HOW TO COMPLETE THIS TASK:
Your answer must be the records below repeated word for word, with no pictures in it.
----------------------------------------
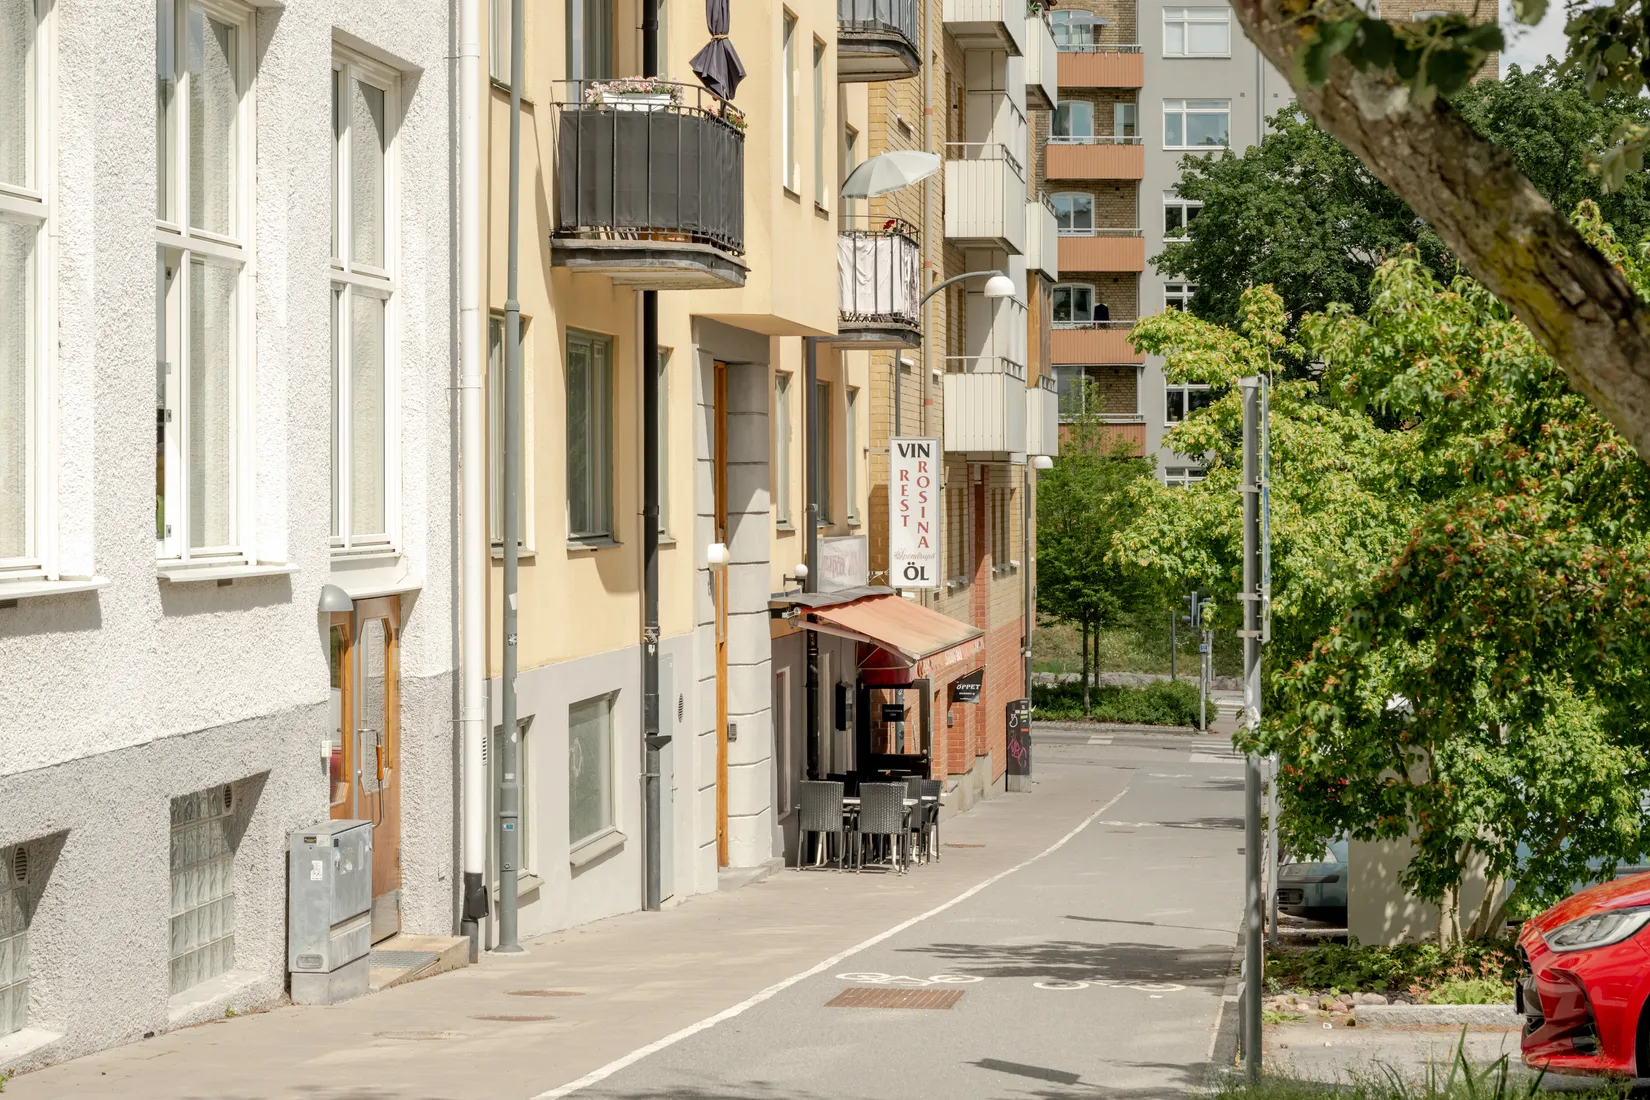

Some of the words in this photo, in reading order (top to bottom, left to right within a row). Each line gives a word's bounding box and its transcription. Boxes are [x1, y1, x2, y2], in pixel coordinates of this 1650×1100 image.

[897, 443, 931, 458] VIN
[899, 469, 910, 527] REST
[916, 460, 930, 548] ROSINA
[903, 561, 930, 581] ÖL
----------------------------------------
RESULT OF THIS TASK:
Some of the words in this photo, in reading order (top to bottom, left to right within a row). Each line gives a word's bounding box and its transcription. Boxes are [x1, y1, x2, y2], in pixel coordinates of this 1650×1100 image.

[897, 443, 931, 458] VIN
[899, 469, 910, 527] REST
[916, 460, 930, 548] ROSINA
[903, 561, 930, 581] ÖL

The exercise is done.